YOUR OBJECTIVE: Each entry below needs to be transcribed verbatim; the images should not appear.
#### DATASET
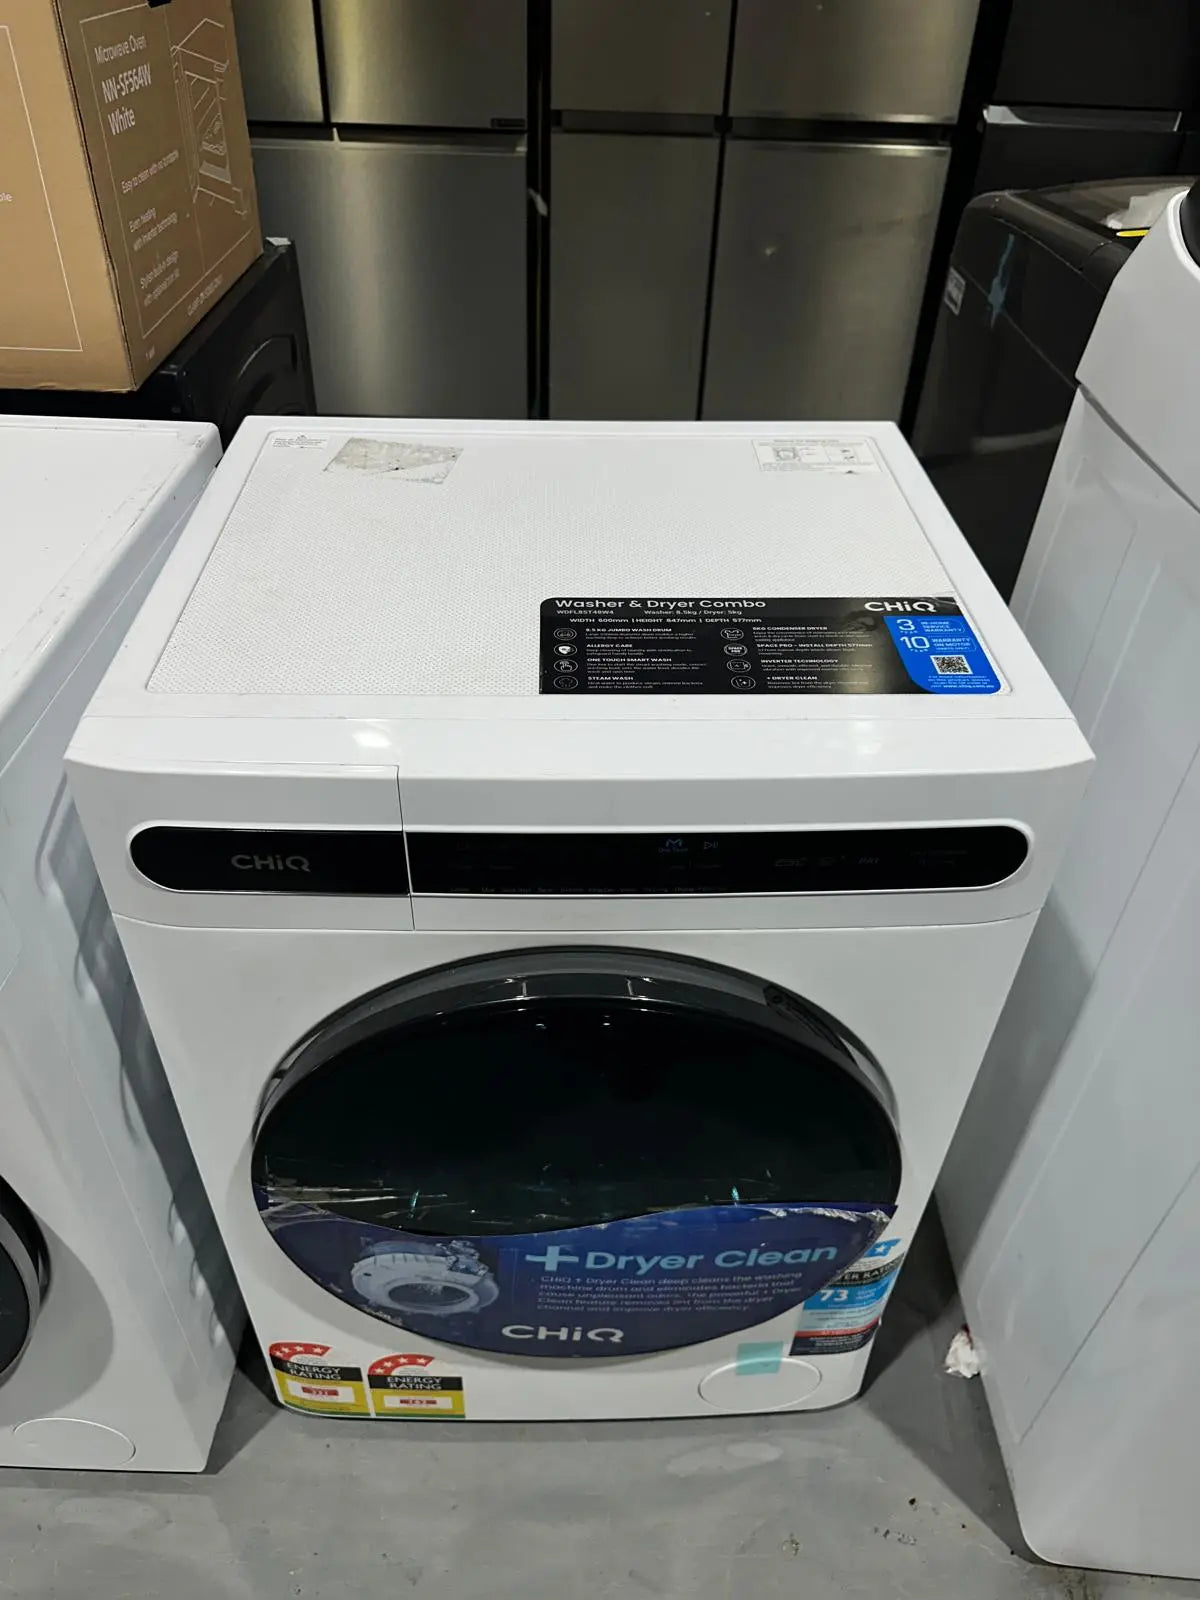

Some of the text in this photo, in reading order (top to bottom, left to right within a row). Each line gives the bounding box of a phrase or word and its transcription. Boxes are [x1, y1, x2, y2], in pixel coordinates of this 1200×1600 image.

[94, 34, 146, 64] Microwave Oven
[102, 63, 152, 104] NN-SF564W
[108, 106, 136, 136] White
[555, 600, 624, 608] Washer
[647, 600, 694, 610] Dryer
[700, 600, 766, 608] Combo
[864, 601, 937, 612] CHiQ
[896, 619, 916, 631] 3
[900, 636, 930, 649] 10
[231, 854, 311, 872] CHiQ
[585, 1251, 704, 1276] Dryer
[714, 1246, 838, 1268] Clean
[820, 1290, 848, 1302] 73
[502, 1326, 624, 1344] CHiQ
[287, 1362, 340, 1374] ENERGY
[290, 1369, 342, 1380] RATING
########
FINAL ANSWER:
Some of the text in this photo, in reading order (top to bottom, left to right within a row). Each line gives the bounding box of a phrase or word and its transcription. Boxes are [x1, y1, x2, y2], in pixel coordinates of this 1200×1600 image.

[94, 34, 146, 64] Microwave Oven
[102, 63, 152, 104] NN-SF564W
[108, 106, 136, 136] White
[555, 600, 624, 608] Washer
[647, 600, 694, 610] Dryer
[700, 600, 766, 608] Combo
[864, 601, 937, 612] CHiQ
[896, 619, 916, 631] 3
[900, 636, 930, 649] 10
[231, 854, 311, 872] CHiQ
[585, 1251, 704, 1276] Dryer
[714, 1246, 838, 1268] Clean
[820, 1290, 848, 1302] 73
[502, 1326, 624, 1344] CHiQ
[287, 1362, 340, 1374] ENERGY
[290, 1369, 342, 1380] RATING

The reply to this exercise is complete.